====== EXCERPTED DATA

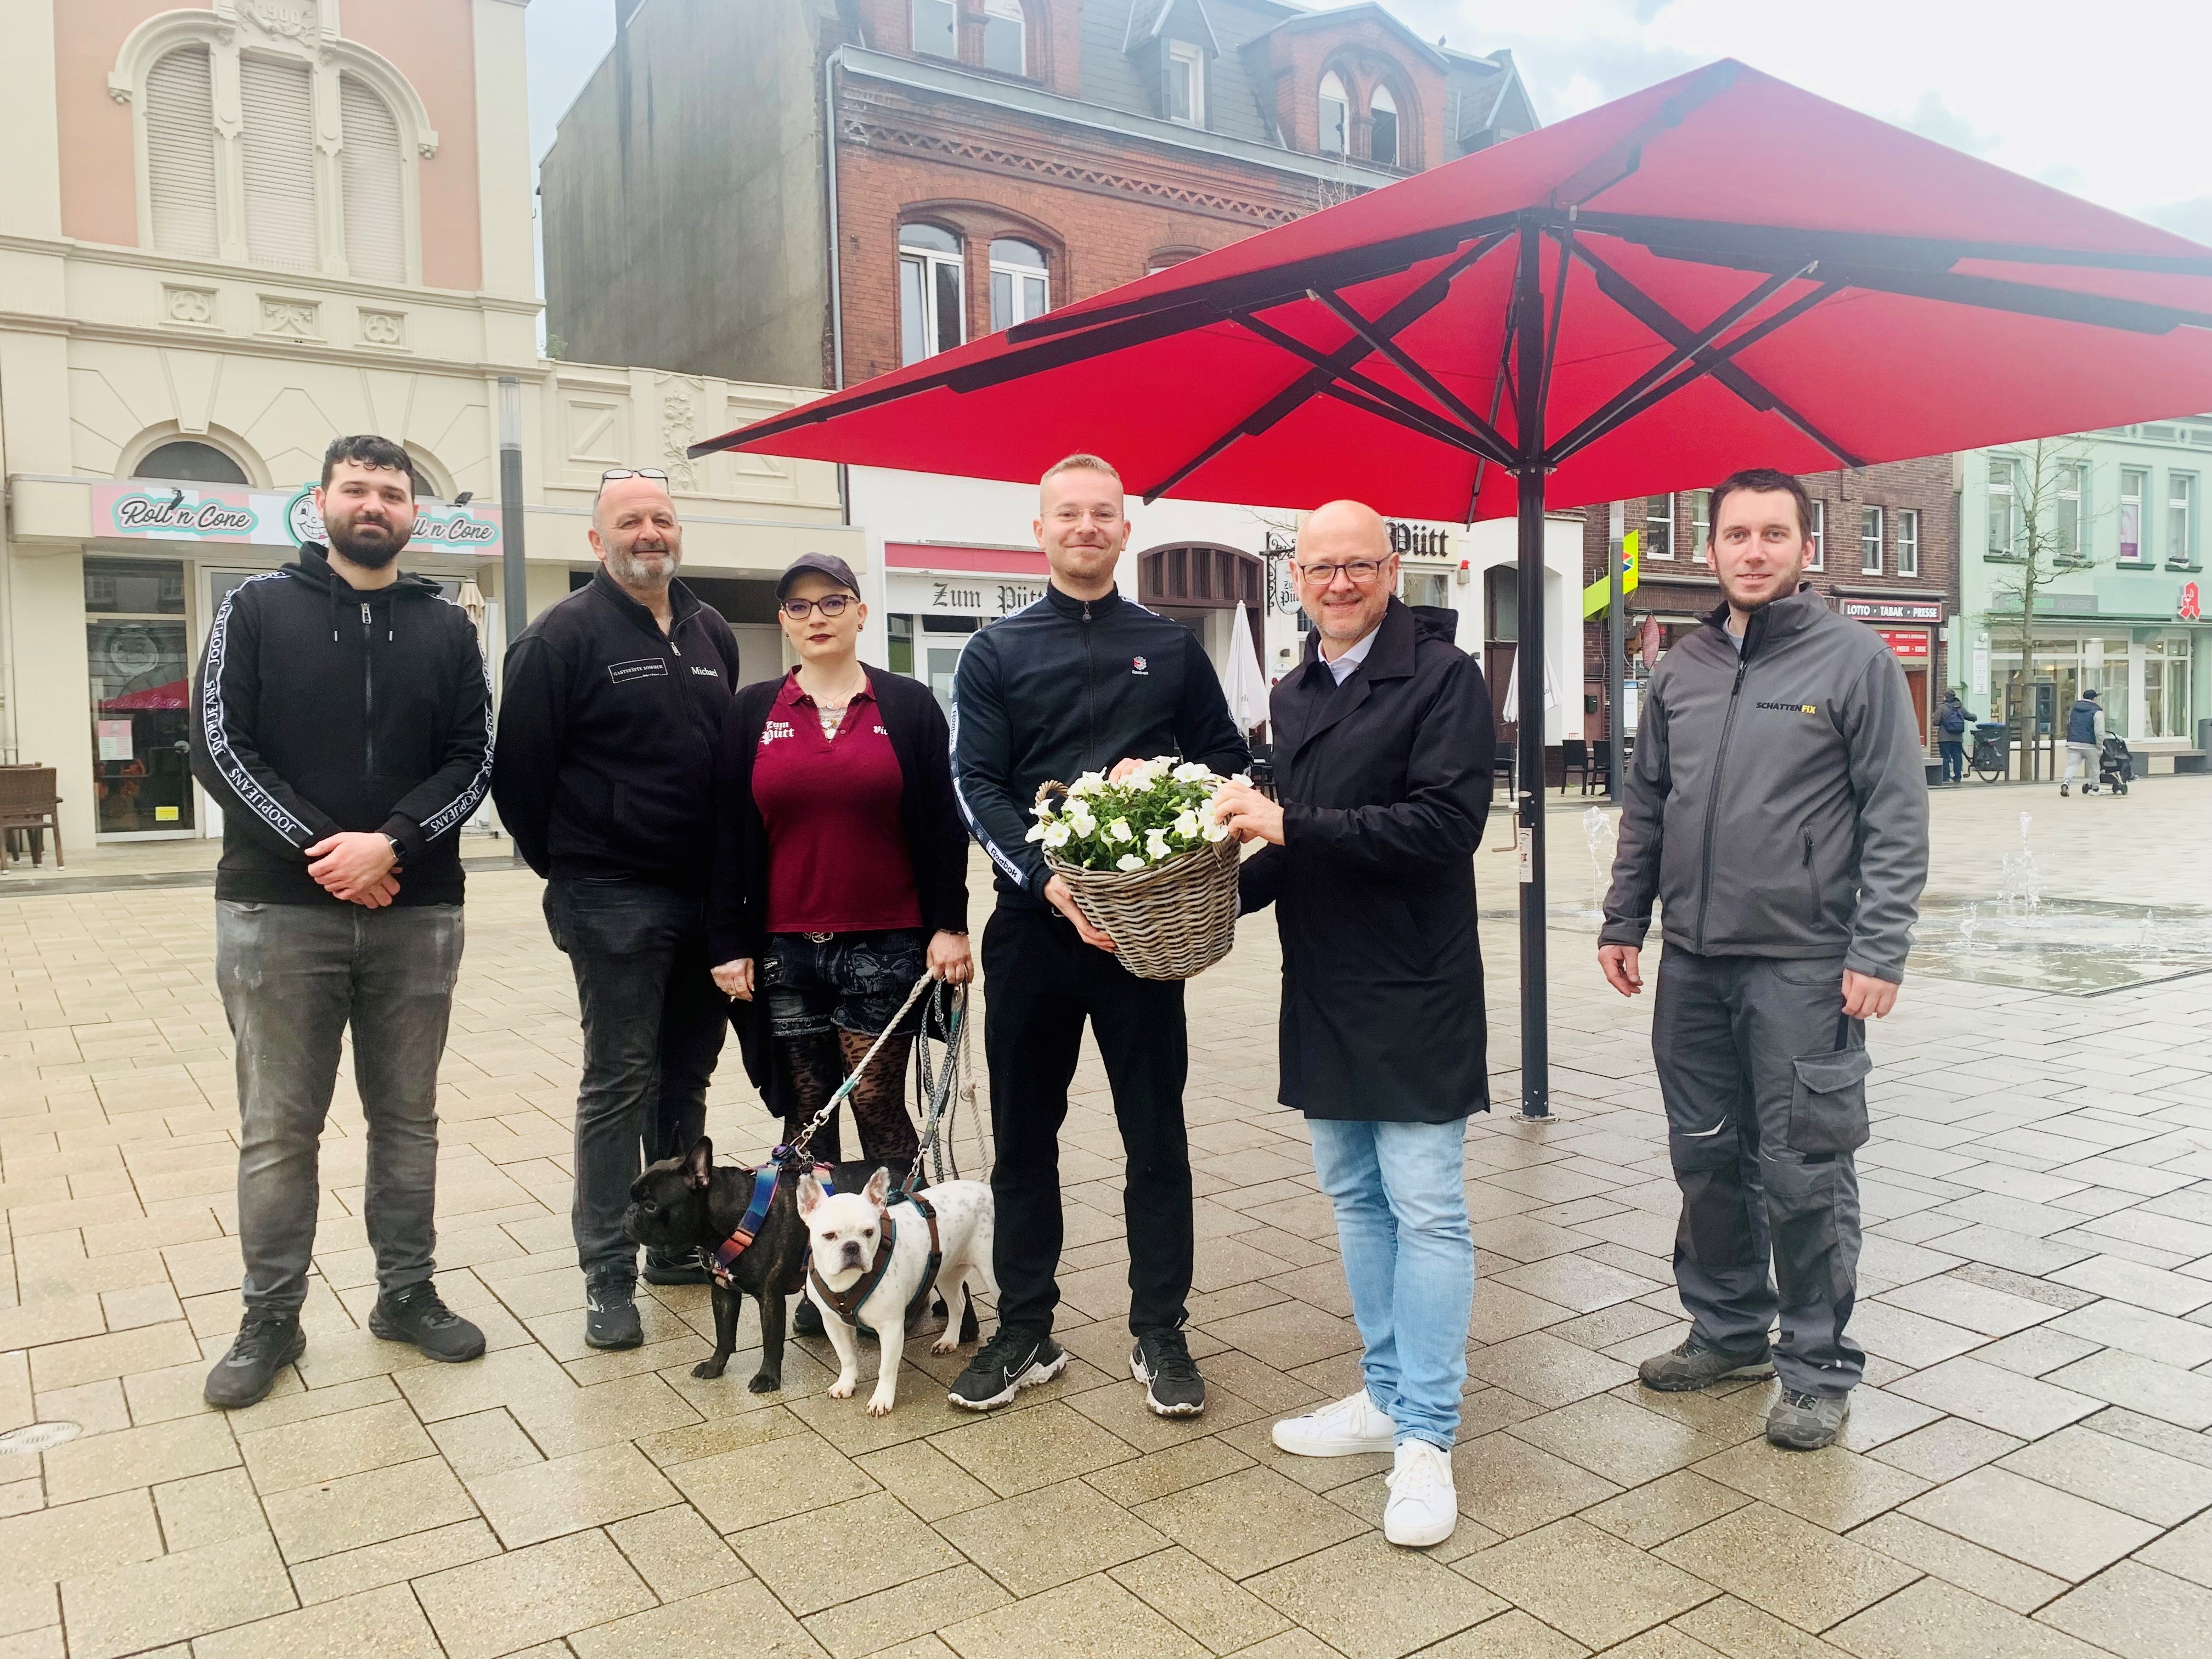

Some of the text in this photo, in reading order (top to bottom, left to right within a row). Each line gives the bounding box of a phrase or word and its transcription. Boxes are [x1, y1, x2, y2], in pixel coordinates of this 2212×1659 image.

[121, 500, 173, 524] Roll
[197, 506, 250, 528] Cone
[413, 519, 428, 535] ll
[448, 519, 493, 539] Cone
[1386, 522, 1449, 557] Pütt
[1284, 580, 1293, 590] Zu
[933, 582, 981, 608] Zum
[1280, 589, 1299, 606] Pü
[1847, 605, 1937, 618] LOTTO TABAK PRESSE
[691, 666, 719, 678] Michael
[1756, 702, 1816, 714] SCHATTENFIX
[205, 680, 226, 756] JOOP!JEANS
[765, 720, 789, 730] Zum
[760, 727, 794, 745] Pütt
[228, 768, 297, 833] JOOP!JEANS
[991, 848, 1018, 878] Reebok
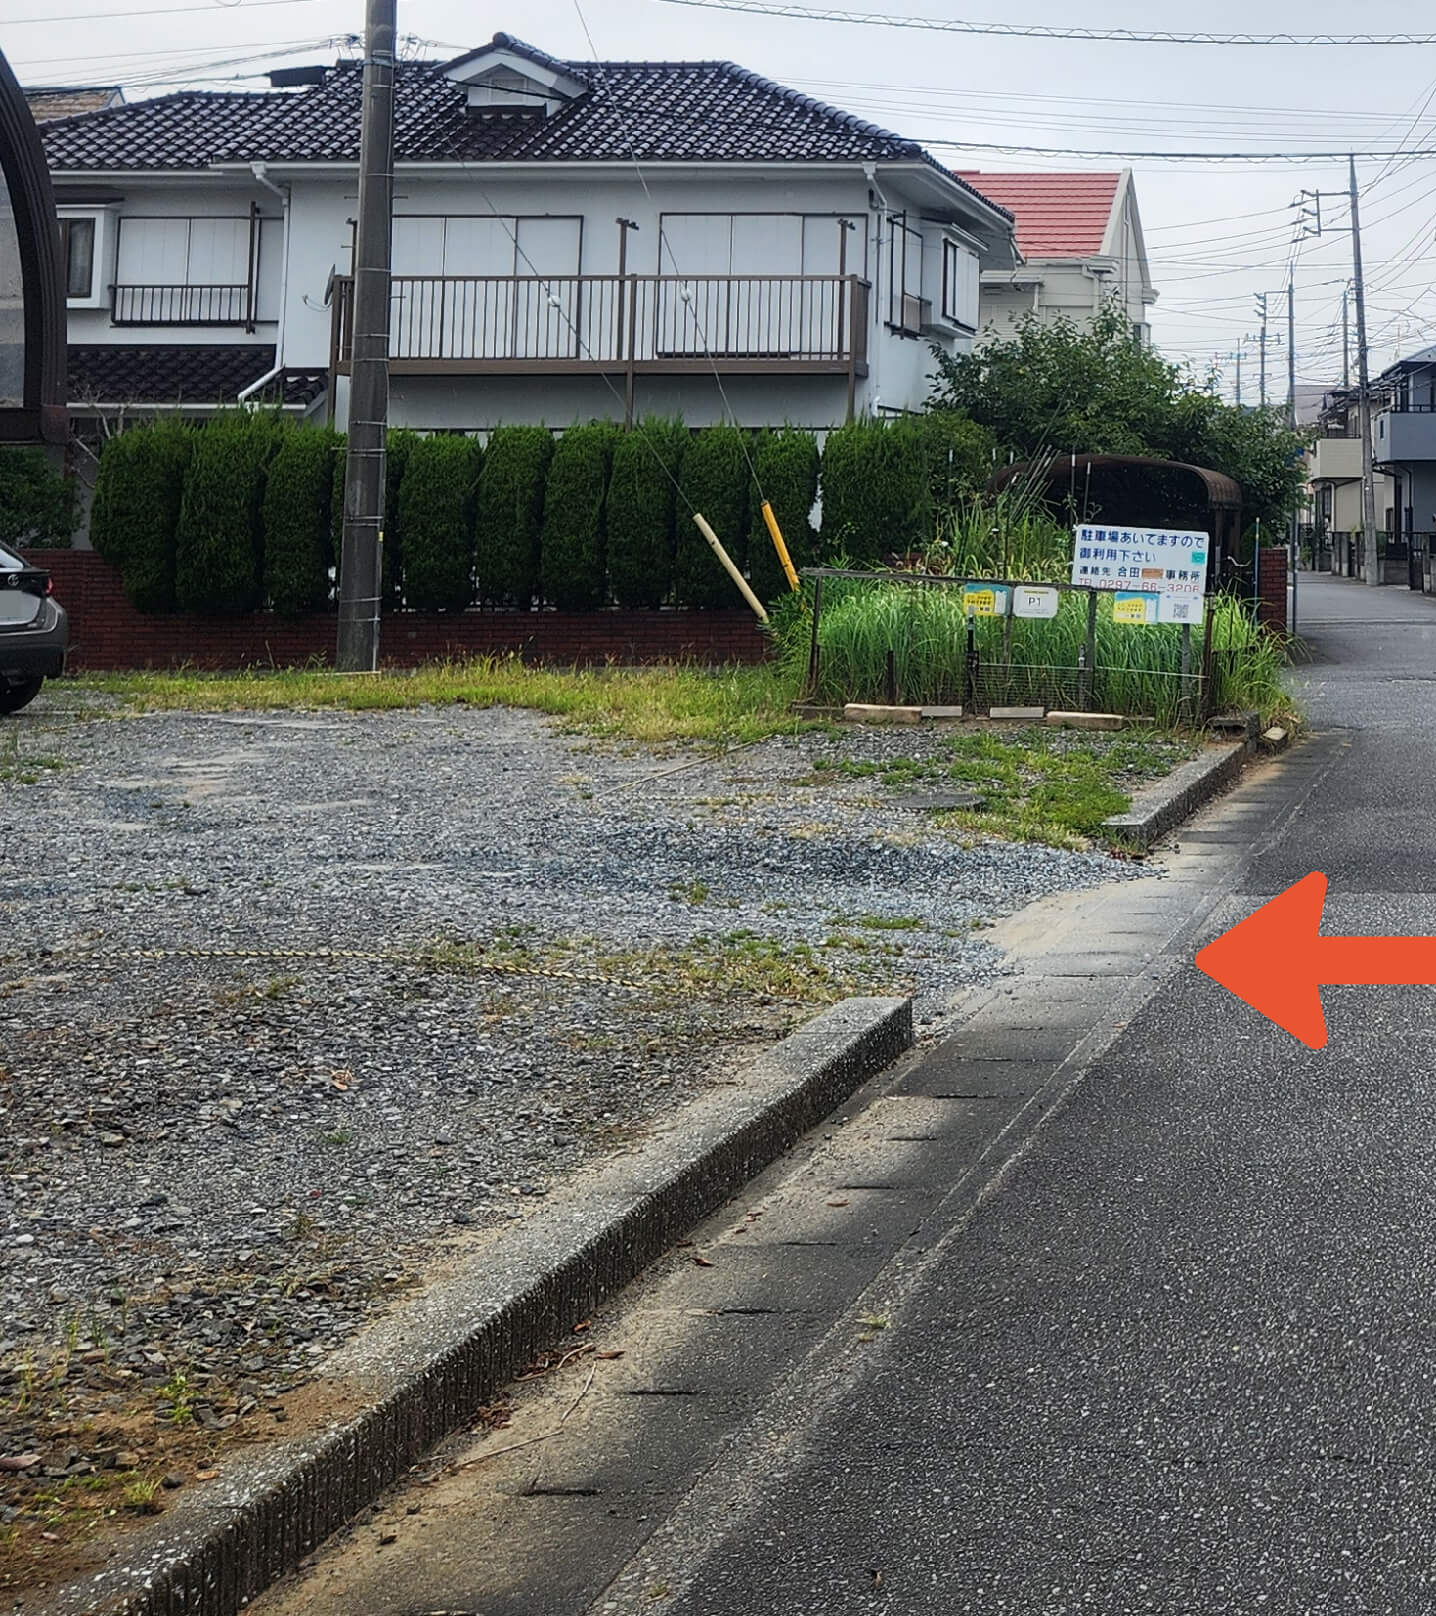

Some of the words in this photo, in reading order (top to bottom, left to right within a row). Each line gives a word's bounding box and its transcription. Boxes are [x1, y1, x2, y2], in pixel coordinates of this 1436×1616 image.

[1081, 528, 1205, 548] 駐車場あいてますので
[1079, 547, 1157, 563] 御利用下さい
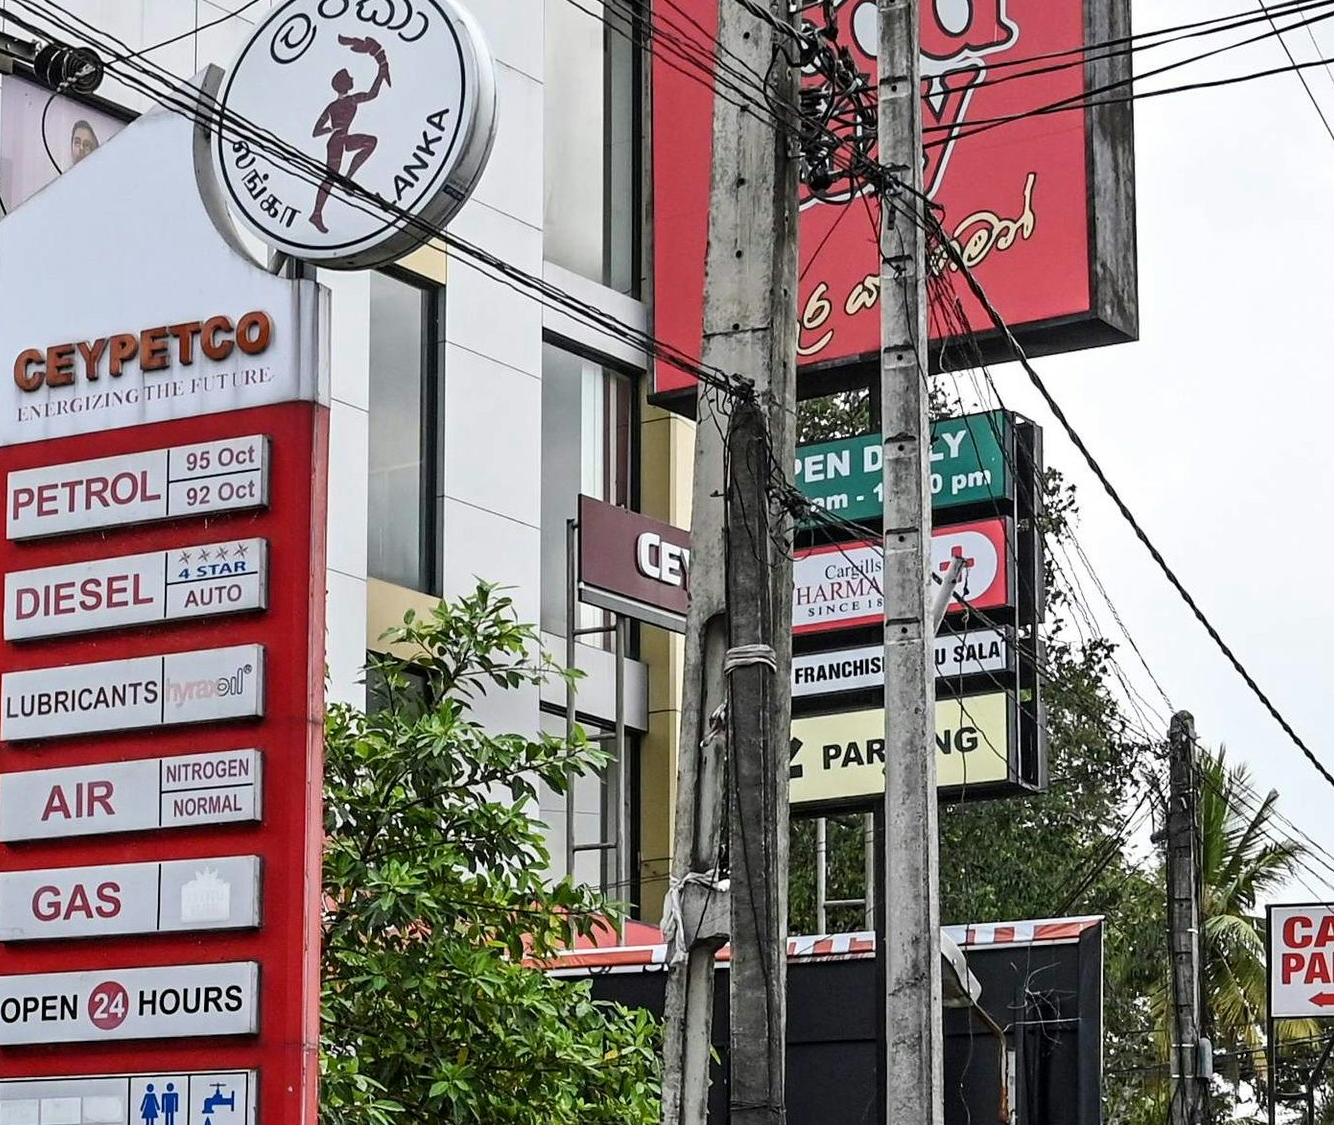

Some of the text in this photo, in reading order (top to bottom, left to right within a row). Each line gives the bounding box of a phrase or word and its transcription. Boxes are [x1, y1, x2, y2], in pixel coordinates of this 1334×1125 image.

[14, 310, 274, 392] CEYPETCO
[17, 366, 273, 423] ENERGIZING THE FUTURE
[13, 445, 255, 520] PETROL 95 Oct
[186, 480, 255, 506] 92 Oct
[951, 470, 992, 495] pm
[824, 558, 882, 581] Cargills
[16, 561, 248, 621] DIESEL 4 STAR
[184, 584, 242, 609] AUTO
[808, 601, 861, 617] SINCE
[953, 641, 1000, 663] SALA
[6, 681, 158, 718] LUBRICANTS
[41, 758, 249, 822] AIR NITROGEN
[173, 794, 243, 818] NORMAL
[32, 882, 122, 922] GAS
[0, 985, 243, 1024] OPEN 24 HOURS

============

ACTIVITY: Without including any pictures, print all of the material exactly as given.

PROBLEM SOLUTION:
Some of the text in this photo, in reading order (top to bottom, left to right within a row). Each line gives the bounding box of a phrase or word and its transcription. Boxes are [x1, y1, x2, y2], in pixel coordinates of this 2212×1659 image.

[121, 500, 173, 524] Roll
[197, 506, 250, 528] Cone
[413, 519, 428, 535] ll
[448, 519, 493, 539] Cone
[1386, 522, 1449, 557] Pütt
[1284, 580, 1293, 590] Zu
[933, 582, 981, 608] Zum
[1280, 589, 1299, 606] Pü
[1847, 605, 1937, 618] LOTTO TABAK PRESSE
[691, 666, 719, 678] Michael
[1756, 702, 1816, 714] SCHATTENFIX
[205, 680, 226, 756] JOOP!JEANS
[765, 720, 789, 730] Zum
[760, 727, 794, 745] Pütt
[228, 768, 297, 833] JOOP!JEANS
[991, 848, 1018, 878] Reebok

Some of the words in this photo, in reading order (top to bottom, left to right within a row). Each line gives a word's bounding box and its transcription. Boxes are [x1, y1, x2, y2], in pixel coordinates of this 1436×1616 image.

[1081, 528, 1205, 548] 駐車場あいてますので
[1079, 547, 1157, 563] 御利用下さい

Some of the text in this photo, in reading order (top to bottom, left to right within a row). Each line gives the bounding box of a phrase or word and its transcription. Boxes are [x1, y1, x2, y2], in pixel coordinates of this 1334×1125 image.

[14, 310, 274, 392] CEYPETCO
[17, 366, 273, 423] ENERGIZING THE FUTURE
[13, 445, 255, 520] PETROL 95 Oct
[186, 480, 255, 506] 92 Oct
[951, 470, 992, 495] pm
[824, 558, 882, 581] Cargills
[16, 561, 248, 621] DIESEL 4 STAR
[184, 584, 242, 609] AUTO
[808, 601, 861, 617] SINCE
[953, 641, 1000, 663] SALA
[6, 681, 158, 718] LUBRICANTS
[41, 758, 249, 822] AIR NITROGEN
[173, 794, 243, 818] NORMAL
[32, 882, 122, 922] GAS
[0, 985, 243, 1024] OPEN 24 HOURS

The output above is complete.